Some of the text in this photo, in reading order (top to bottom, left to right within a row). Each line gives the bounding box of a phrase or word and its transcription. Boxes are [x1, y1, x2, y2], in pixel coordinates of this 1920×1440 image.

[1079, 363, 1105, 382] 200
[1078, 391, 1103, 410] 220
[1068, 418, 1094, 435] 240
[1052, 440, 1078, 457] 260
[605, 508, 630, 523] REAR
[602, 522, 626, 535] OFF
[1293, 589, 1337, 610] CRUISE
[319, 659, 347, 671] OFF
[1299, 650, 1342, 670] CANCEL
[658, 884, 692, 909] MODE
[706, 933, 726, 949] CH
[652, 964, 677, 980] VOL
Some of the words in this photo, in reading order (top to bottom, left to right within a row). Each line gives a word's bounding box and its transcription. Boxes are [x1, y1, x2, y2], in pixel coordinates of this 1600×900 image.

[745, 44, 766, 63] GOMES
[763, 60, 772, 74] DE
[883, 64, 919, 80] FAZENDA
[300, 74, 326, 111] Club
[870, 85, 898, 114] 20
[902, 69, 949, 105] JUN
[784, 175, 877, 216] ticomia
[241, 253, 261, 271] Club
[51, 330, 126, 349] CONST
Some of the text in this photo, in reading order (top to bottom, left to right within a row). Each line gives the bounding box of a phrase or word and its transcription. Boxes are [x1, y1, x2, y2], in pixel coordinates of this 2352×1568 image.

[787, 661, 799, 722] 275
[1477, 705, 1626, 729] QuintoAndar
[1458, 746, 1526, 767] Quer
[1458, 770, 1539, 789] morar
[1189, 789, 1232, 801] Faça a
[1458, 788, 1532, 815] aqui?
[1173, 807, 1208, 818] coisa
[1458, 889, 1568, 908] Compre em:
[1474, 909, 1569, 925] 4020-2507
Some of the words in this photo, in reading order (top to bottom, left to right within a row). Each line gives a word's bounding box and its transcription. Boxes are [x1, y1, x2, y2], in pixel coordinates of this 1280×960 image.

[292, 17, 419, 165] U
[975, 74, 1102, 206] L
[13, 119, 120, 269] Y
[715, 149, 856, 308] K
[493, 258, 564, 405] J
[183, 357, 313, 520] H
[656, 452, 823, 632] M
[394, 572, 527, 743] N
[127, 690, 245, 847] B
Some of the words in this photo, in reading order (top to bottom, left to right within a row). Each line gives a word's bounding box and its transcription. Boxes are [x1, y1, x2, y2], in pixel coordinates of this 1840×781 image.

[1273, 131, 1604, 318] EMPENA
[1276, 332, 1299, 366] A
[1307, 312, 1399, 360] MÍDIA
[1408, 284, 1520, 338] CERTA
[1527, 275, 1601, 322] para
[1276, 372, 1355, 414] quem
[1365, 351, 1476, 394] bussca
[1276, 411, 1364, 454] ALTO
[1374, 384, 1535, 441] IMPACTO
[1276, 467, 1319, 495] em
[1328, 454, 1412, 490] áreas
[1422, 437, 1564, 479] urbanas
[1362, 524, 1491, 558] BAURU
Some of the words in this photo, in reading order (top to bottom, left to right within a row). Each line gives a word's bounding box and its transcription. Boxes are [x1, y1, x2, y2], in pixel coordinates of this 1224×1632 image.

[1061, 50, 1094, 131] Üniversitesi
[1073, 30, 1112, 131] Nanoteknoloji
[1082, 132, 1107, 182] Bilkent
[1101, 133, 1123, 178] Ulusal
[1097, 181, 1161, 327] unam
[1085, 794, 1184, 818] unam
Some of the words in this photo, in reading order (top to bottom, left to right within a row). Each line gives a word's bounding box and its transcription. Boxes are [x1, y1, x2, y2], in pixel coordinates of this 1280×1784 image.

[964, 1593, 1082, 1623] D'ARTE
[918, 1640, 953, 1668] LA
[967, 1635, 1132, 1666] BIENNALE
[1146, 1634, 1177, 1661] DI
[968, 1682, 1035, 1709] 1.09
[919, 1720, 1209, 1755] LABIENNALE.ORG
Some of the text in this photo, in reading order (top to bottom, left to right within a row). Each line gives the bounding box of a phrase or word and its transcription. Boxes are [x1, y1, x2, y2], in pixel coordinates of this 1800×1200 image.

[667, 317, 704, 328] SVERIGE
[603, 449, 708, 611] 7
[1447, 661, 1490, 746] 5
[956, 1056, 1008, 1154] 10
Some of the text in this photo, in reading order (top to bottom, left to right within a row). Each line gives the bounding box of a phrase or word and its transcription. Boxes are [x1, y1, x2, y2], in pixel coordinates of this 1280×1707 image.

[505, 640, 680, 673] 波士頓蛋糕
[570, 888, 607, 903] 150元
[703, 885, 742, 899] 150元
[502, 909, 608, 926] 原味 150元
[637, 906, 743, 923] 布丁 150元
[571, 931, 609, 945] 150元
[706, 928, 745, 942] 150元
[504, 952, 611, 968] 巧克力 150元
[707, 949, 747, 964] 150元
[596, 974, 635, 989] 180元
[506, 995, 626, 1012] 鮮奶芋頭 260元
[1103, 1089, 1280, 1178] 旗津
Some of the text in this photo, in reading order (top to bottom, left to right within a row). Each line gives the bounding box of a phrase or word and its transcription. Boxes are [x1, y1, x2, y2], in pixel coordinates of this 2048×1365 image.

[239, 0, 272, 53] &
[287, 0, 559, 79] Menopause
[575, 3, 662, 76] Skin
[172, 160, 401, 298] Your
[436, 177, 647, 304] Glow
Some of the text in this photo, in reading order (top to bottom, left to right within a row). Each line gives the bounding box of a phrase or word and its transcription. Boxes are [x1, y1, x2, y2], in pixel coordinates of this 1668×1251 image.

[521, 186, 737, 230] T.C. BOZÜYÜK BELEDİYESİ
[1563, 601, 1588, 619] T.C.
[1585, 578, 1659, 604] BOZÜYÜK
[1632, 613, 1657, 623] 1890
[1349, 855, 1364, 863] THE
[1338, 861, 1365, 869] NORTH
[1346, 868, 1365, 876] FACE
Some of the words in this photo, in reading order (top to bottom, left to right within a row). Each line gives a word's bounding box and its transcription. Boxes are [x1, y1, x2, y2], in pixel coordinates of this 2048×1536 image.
+ + + +
Retype the entries in full. Keep every line identical.

Some of the text in this photo, in reading order (top to bottom, left to right within a row). Each line gives the bounding box of a phrase or word and its transcription. Boxes are [x1, y1, x2, y2], in pixel coordinates of this 1920×1440 image.

[1079, 363, 1105, 382] 200
[1078, 391, 1103, 410] 220
[1068, 418, 1094, 435] 240
[1052, 440, 1078, 457] 260
[605, 508, 630, 523] REAR
[602, 522, 626, 535] OFF
[1293, 589, 1337, 610] CRUISE
[319, 659, 347, 671] OFF
[1299, 650, 1342, 670] CANCEL
[658, 884, 692, 909] MODE
[706, 933, 726, 949] CH
[652, 964, 677, 980] VOL
Some of the words in this photo, in reading order (top to bottom, left to right within a row). Each line gives a word's bounding box and its transcription. Boxes are [x1, y1, x2, y2], in pixel coordinates of this 1600×900 image.

[745, 44, 766, 63] GOMES
[763, 60, 772, 74] DE
[883, 64, 919, 80] FAZENDA
[300, 74, 326, 111] Club
[870, 85, 898, 114] 20
[902, 69, 949, 105] JUN
[784, 175, 877, 216] ticomia
[241, 253, 261, 271] Club
[51, 330, 126, 349] CONST
Some of the text in this photo, in reading order (top to bottom, left to right within a row). Each line gives the bounding box of a phrase or word and its transcription. Boxes are [x1, y1, x2, y2], in pixel coordinates of this 2352×1568 image.

[787, 661, 799, 722] 275
[1477, 705, 1626, 729] QuintoAndar
[1458, 746, 1526, 767] Quer
[1458, 770, 1539, 789] morar
[1189, 789, 1232, 801] Faça a
[1458, 788, 1532, 815] aqui?
[1173, 807, 1208, 818] coisa
[1458, 889, 1568, 908] Compre em:
[1474, 909, 1569, 925] 4020-2507
Some of the words in this photo, in reading order (top to bottom, left to right within a row). Each line gives a word's bounding box and its transcription. Boxes are [x1, y1, x2, y2], in pixel coordinates of this 1280×960 image.

[292, 17, 419, 165] U
[975, 74, 1102, 206] L
[13, 119, 120, 269] Y
[715, 149, 856, 308] K
[493, 258, 564, 405] J
[183, 357, 313, 520] H
[656, 452, 823, 632] M
[394, 572, 527, 743] N
[127, 690, 245, 847] B
Some of the words in this photo, in reading order (top to bottom, left to right within a row). Each line gives a word's bounding box and its transcription. Boxes are [x1, y1, x2, y2], in pixel coordinates of this 1840×781 image.

[1273, 131, 1604, 318] EMPENA
[1276, 332, 1299, 366] A
[1307, 312, 1399, 360] MÍDIA
[1408, 284, 1520, 338] CERTA
[1527, 275, 1601, 322] para
[1276, 372, 1355, 414] quem
[1365, 351, 1476, 394] bussca
[1276, 411, 1364, 454] ALTO
[1374, 384, 1535, 441] IMPACTO
[1276, 467, 1319, 495] em
[1328, 454, 1412, 490] áreas
[1422, 437, 1564, 479] urbanas
[1362, 524, 1491, 558] BAURU
Some of the words in this photo, in reading order (top to bottom, left to right within a row). Each line gives a word's bounding box and its transcription. Boxes are [x1, y1, x2, y2], in pixel coordinates of this 1224×1632 image.

[1061, 50, 1094, 131] Üniversitesi
[1073, 30, 1112, 131] Nanoteknoloji
[1082, 132, 1107, 182] Bilkent
[1101, 133, 1123, 178] Ulusal
[1097, 181, 1161, 327] unam
[1085, 794, 1184, 818] unam
Some of the words in this photo, in reading order (top to bottom, left to right within a row). Each line gives a word's bounding box and its transcription. Boxes are [x1, y1, x2, y2], in pixel coordinates of this 1280×1784 image.

[964, 1593, 1082, 1623] D'ARTE
[918, 1640, 953, 1668] LA
[967, 1635, 1132, 1666] BIENNALE
[1146, 1634, 1177, 1661] DI
[968, 1682, 1035, 1709] 1.09
[919, 1720, 1209, 1755] LABIENNALE.ORG
Some of the text in this photo, in reading order (top to bottom, left to right within a row). Each line gives the bounding box of a phrase or word and its transcription. Boxes are [x1, y1, x2, y2], in pixel coordinates of this 1800×1200 image.

[667, 317, 704, 328] SVERIGE
[603, 449, 708, 611] 7
[1447, 661, 1490, 746] 5
[956, 1056, 1008, 1154] 10
Some of the text in this photo, in reading order (top to bottom, left to right within a row). Each line gives the bounding box of a phrase or word and its transcription. Boxes are [x1, y1, x2, y2], in pixel coordinates of this 1280×1707 image.

[505, 640, 680, 673] 波士頓蛋糕
[570, 888, 607, 903] 150元
[703, 885, 742, 899] 150元
[502, 909, 608, 926] 原味 150元
[637, 906, 743, 923] 布丁 150元
[571, 931, 609, 945] 150元
[706, 928, 745, 942] 150元
[504, 952, 611, 968] 巧克力 150元
[707, 949, 747, 964] 150元
[596, 974, 635, 989] 180元
[506, 995, 626, 1012] 鮮奶芋頭 260元
[1103, 1089, 1280, 1178] 旗津
Some of the text in this photo, in reading order (top to bottom, left to right within a row). Each line gives the bounding box of a phrase or word and its transcription. Boxes are [x1, y1, x2, y2], in pixel coordinates of this 2048×1365 image.

[239, 0, 272, 53] &
[287, 0, 559, 79] Menopause
[575, 3, 662, 76] Skin
[172, 160, 401, 298] Your
[436, 177, 647, 304] Glow
Some of the text in this photo, in reading order (top to bottom, left to right within a row). Each line gives the bounding box of a phrase or word and its transcription. Boxes are [x1, y1, x2, y2], in pixel coordinates of this 1668×1251 image.

[521, 186, 737, 230] T.C. BOZÜYÜK BELEDİYESİ
[1563, 601, 1588, 619] T.C.
[1585, 578, 1659, 604] BOZÜYÜK
[1632, 613, 1657, 623] 1890
[1349, 855, 1364, 863] THE
[1338, 861, 1365, 869] NORTH
[1346, 868, 1365, 876] FACE
Some of the words in this photo, in reading order (top to bottom, left to right within a row). Each line gives a word's bounding box and its transcription. Boxes are [x1, y1, x2, y2], in pixel coordinates of this 2048×1536 image.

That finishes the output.